----- DATA -----

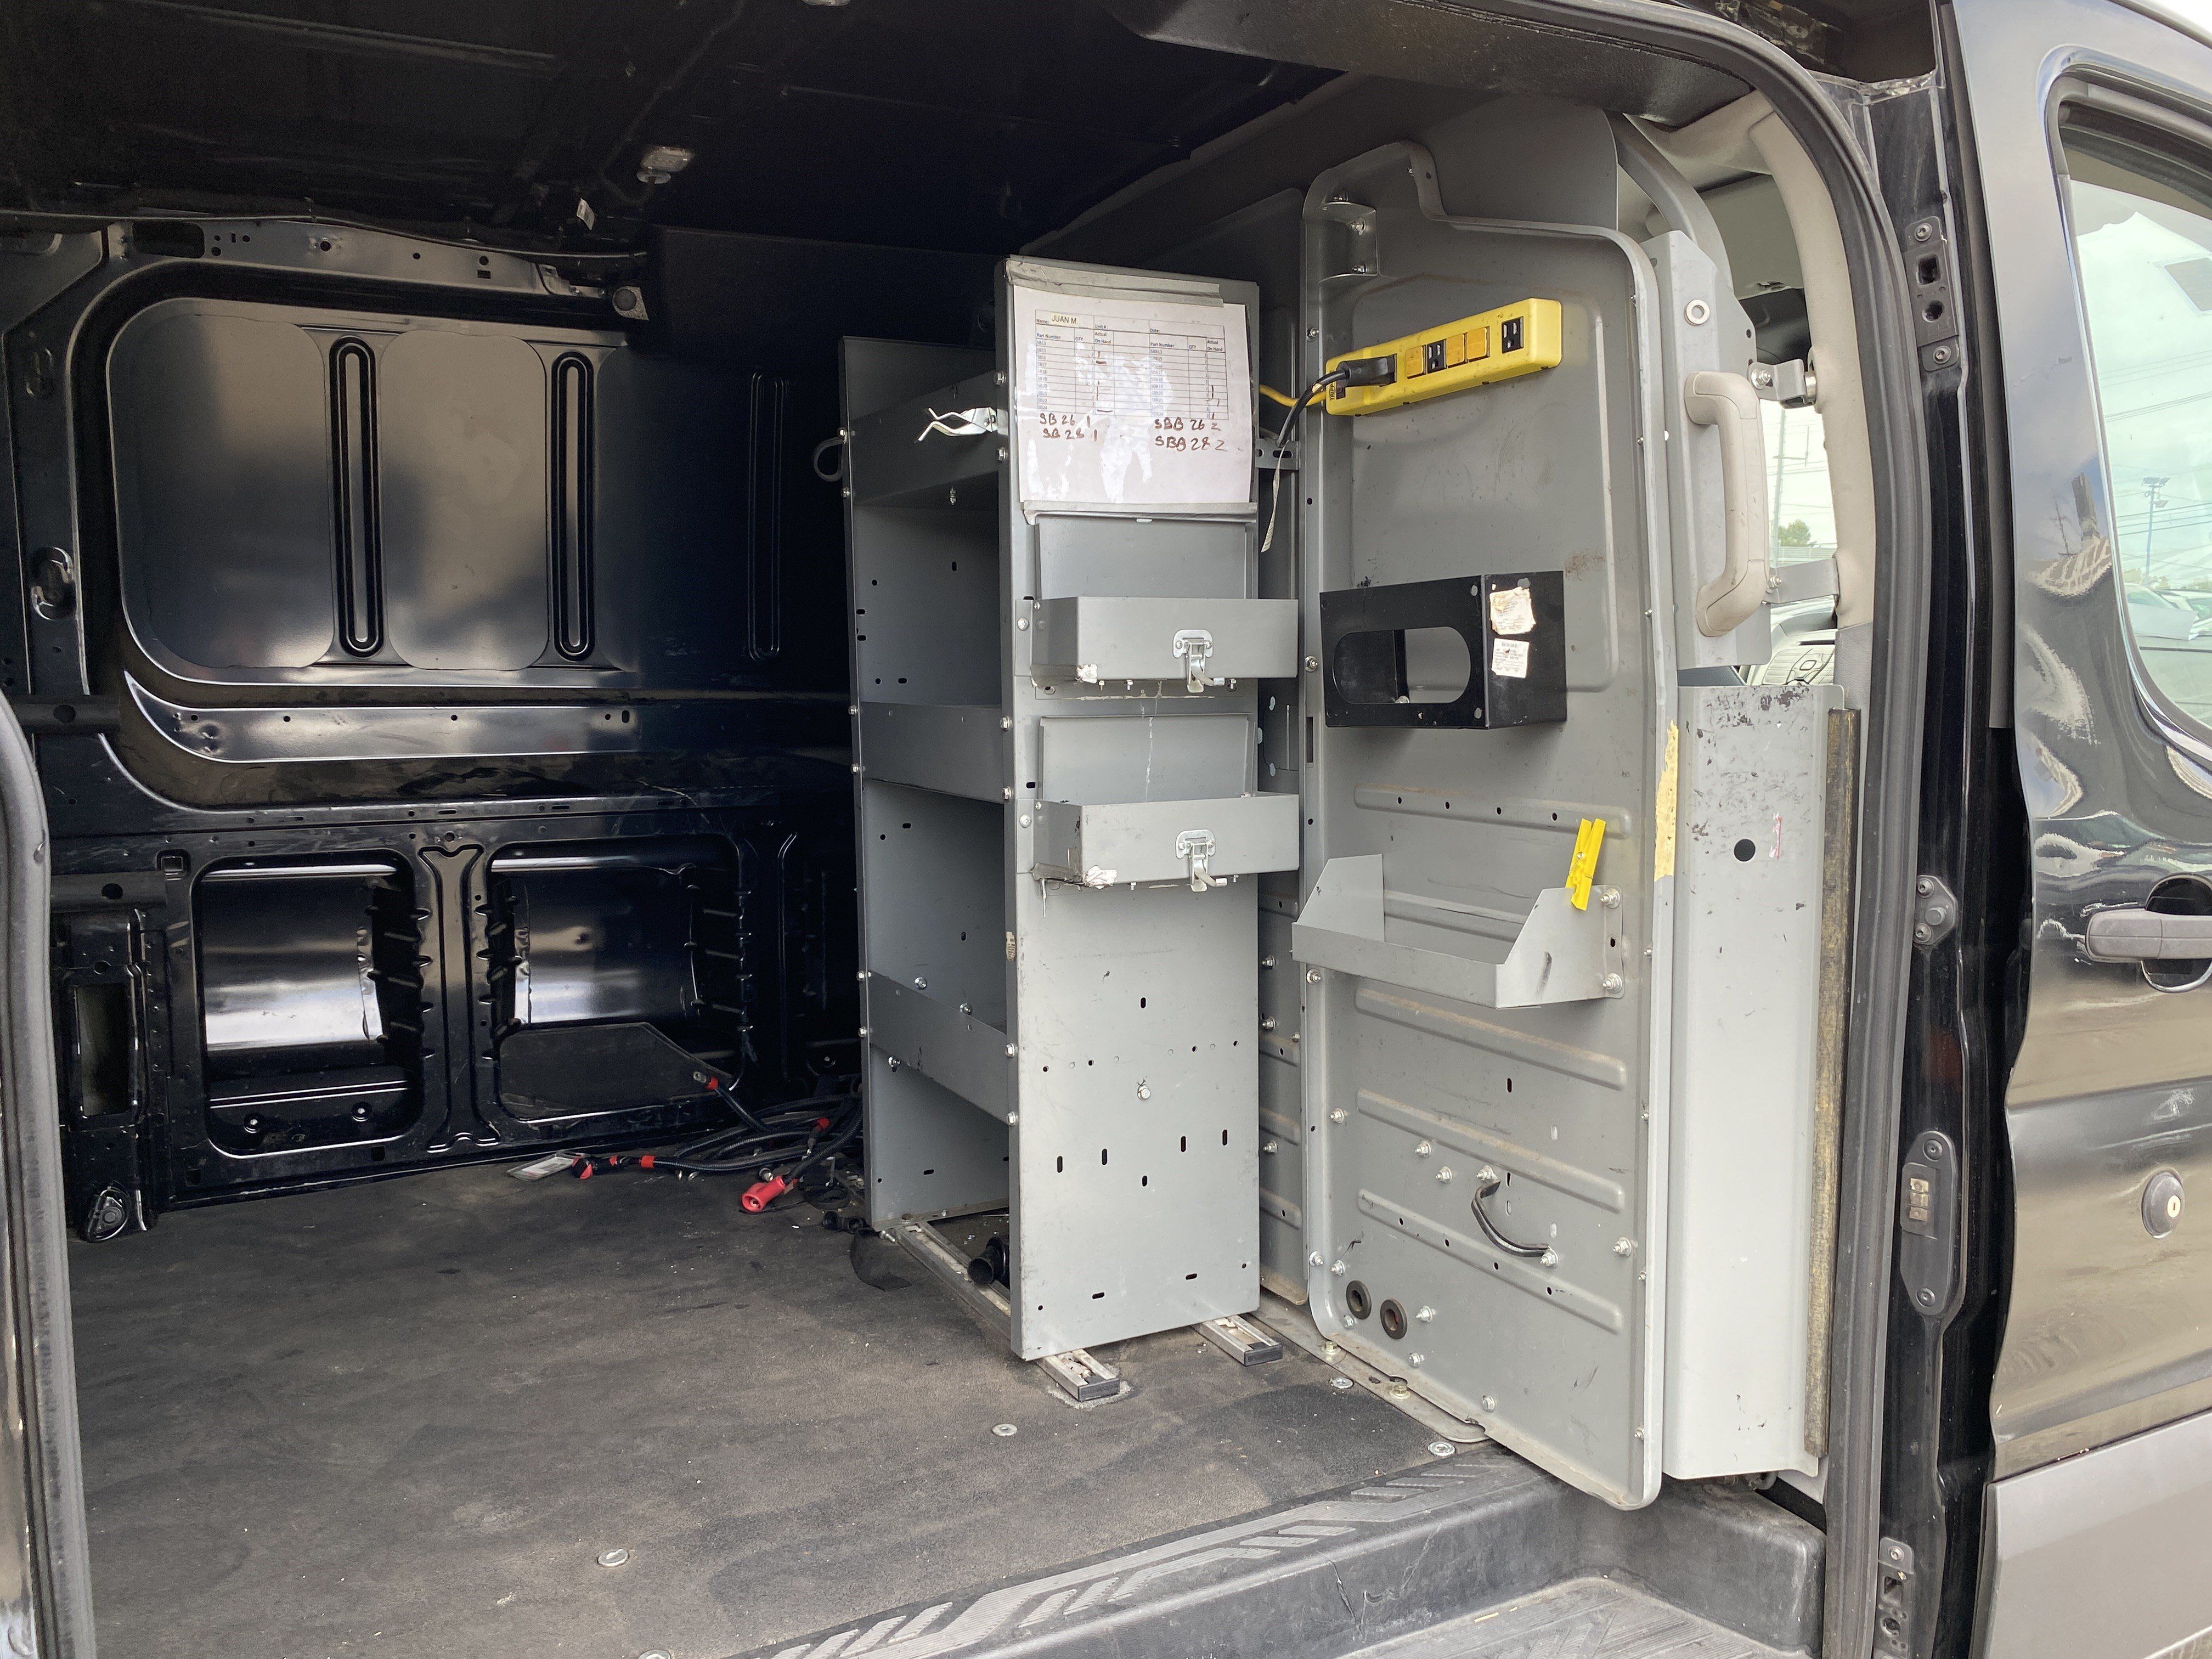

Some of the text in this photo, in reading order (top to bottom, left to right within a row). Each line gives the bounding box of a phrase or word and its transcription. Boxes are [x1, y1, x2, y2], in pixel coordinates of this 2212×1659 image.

[1052, 314, 1069, 323] JUAN
[1062, 414, 1075, 426] 26
[1154, 416, 1184, 431] SBB
[1190, 419, 1205, 431] 26
[1155, 435, 1186, 452] SBB
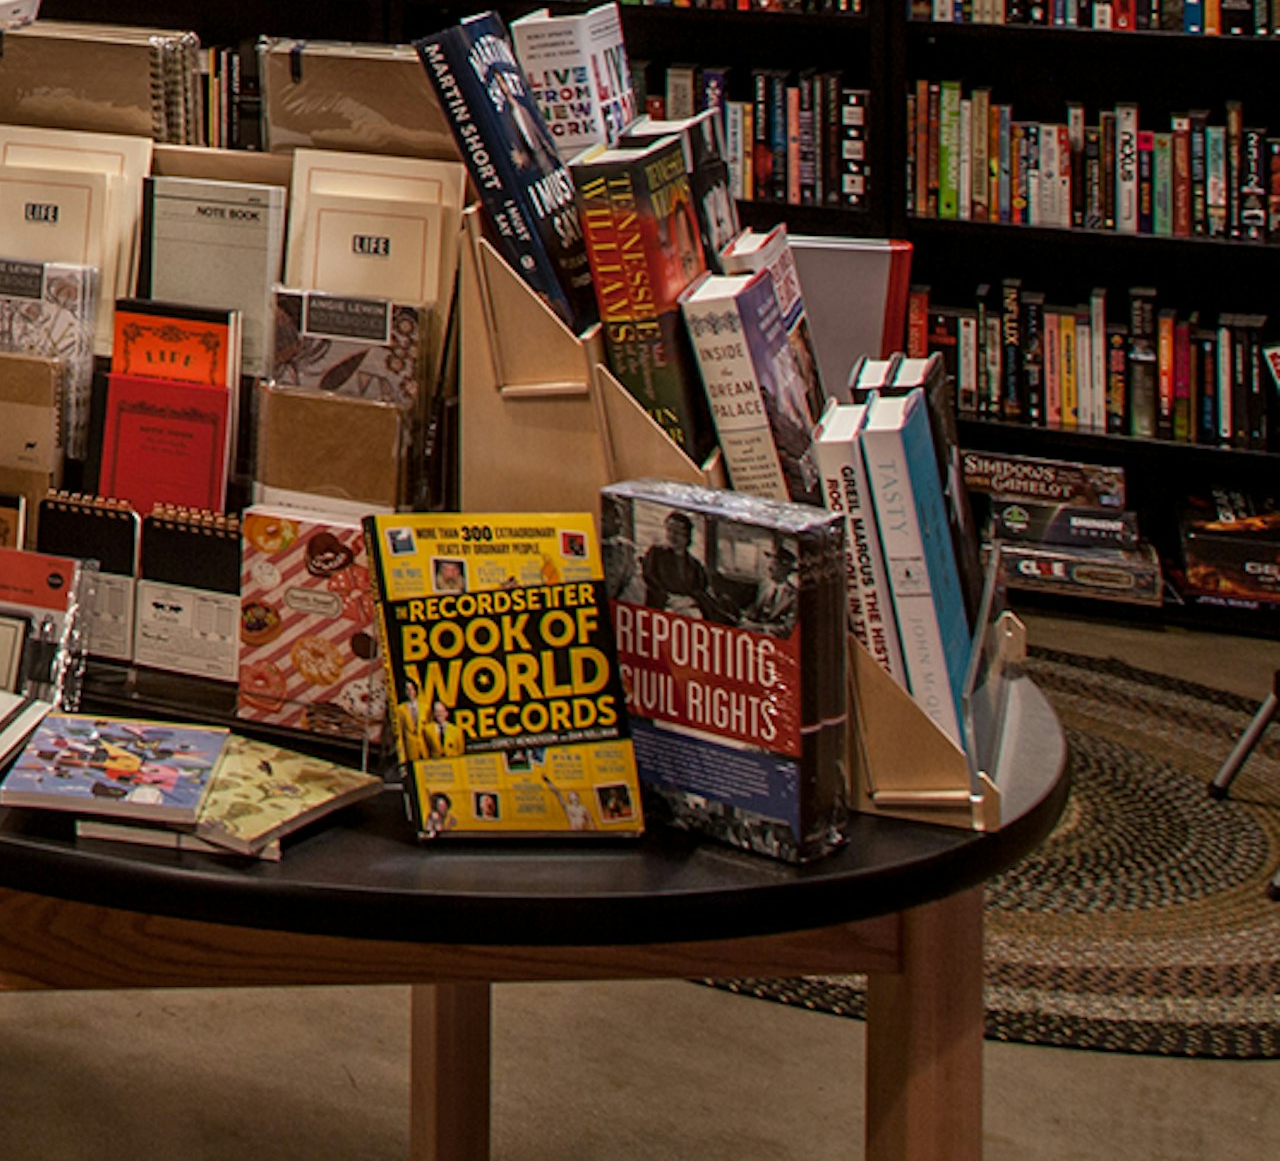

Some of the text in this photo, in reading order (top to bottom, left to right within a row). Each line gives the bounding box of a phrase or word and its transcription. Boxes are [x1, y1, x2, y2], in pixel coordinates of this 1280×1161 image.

[528, 66, 588, 88] LIVE
[533, 86, 591, 103] FROM
[424, 42, 503, 190] MARTIN SHORT
[543, 101, 591, 121] NEW
[547, 119, 597, 137] ORK
[534, 167, 575, 215] MUST
[26, 203, 59, 222] LIFE
[197, 206, 261, 221] NOTE BOOK
[507, 206, 532, 241] MUST
[495, 213, 513, 238] SAY
[354, 236, 389, 255] LIFE
[9, 261, 43, 275] LEWIN
[582, 176, 636, 345] WILLIAMS
[608, 172, 660, 344] TENNESSEE
[309, 299, 385, 316] ANGIE LEWIN
[1003, 288, 1020, 346] INFLUX
[146, 350, 191, 367] LIFE
[699, 342, 745, 363] INSIDE
[707, 379, 756, 399] DREAM
[713, 400, 763, 418] PALACE
[964, 454, 1058, 481] SHADOWS
[877, 460, 909, 536] TASTY
[991, 476, 1073, 498] CAMELOT
[416, 525, 556, 542] MORE THAN 300 EXTRAORDINARY
[840, 466, 882, 623] GREIL MARCUS THE
[437, 542, 539, 555] FEATS BY ORDINARY PEOPLE
[1018, 560, 1065, 577] CLUE
[408, 583, 596, 623] RECORDSETTER
[849, 597, 863, 616] IN
[401, 607, 599, 663] BOOK OF
[616, 604, 777, 688] REPORTING
[908, 617, 932, 665] JOHN
[403, 646, 611, 710] WORLD
[619, 663, 779, 742] CIVIL RIGHTS
[453, 695, 618, 739] RECORDS

-----

DIRECTIONS FOR THIS TASK: Only the pictures are to be left out, and all of the data must otherwise be transcribed exactly.

THE ANSWER:
Some of the text in this photo, in reading order (top to bottom, left to right within a row). Each line gives the bounding box of a phrase or word and its transcription. Boxes are [x1, y1, x2, y2], in pixel coordinates of this 2212×1659 image.

[1052, 314, 1069, 323] JUAN
[1062, 414, 1075, 426] 26
[1154, 416, 1184, 431] SBB
[1190, 419, 1205, 431] 26
[1155, 435, 1186, 452] SBB

Some of the text in this photo, in reading order (top to bottom, left to right within a row). Each line gives the bounding box of a phrase or word and its transcription. Boxes are [x1, y1, x2, y2], in pixel coordinates of this 1280×1161 image.

[528, 66, 588, 88] LIVE
[533, 86, 591, 103] FROM
[424, 42, 503, 190] MARTIN SHORT
[543, 101, 591, 121] NEW
[547, 119, 597, 137] ORK
[534, 167, 575, 215] MUST
[26, 203, 59, 222] LIFE
[197, 206, 261, 221] NOTE BOOK
[507, 206, 532, 241] MUST
[495, 213, 513, 238] SAY
[354, 236, 389, 255] LIFE
[9, 261, 43, 275] LEWIN
[582, 176, 636, 345] WILLIAMS
[608, 172, 660, 344] TENNESSEE
[309, 299, 385, 316] ANGIE LEWIN
[1003, 288, 1020, 346] INFLUX
[146, 350, 191, 367] LIFE
[699, 342, 745, 363] INSIDE
[707, 379, 756, 399] DREAM
[713, 400, 763, 418] PALACE
[964, 454, 1058, 481] SHADOWS
[877, 460, 909, 536] TASTY
[991, 476, 1073, 498] CAMELOT
[416, 525, 556, 542] MORE THAN 300 EXTRAORDINARY
[840, 466, 882, 623] GREIL MARCUS THE
[437, 542, 539, 555] FEATS BY ORDINARY PEOPLE
[1018, 560, 1065, 577] CLUE
[408, 583, 596, 623] RECORDSETTER
[849, 597, 863, 616] IN
[401, 607, 599, 663] BOOK OF
[616, 604, 777, 688] REPORTING
[908, 617, 932, 665] JOHN
[403, 646, 611, 710] WORLD
[619, 663, 779, 742] CIVIL RIGHTS
[453, 695, 618, 739] RECORDS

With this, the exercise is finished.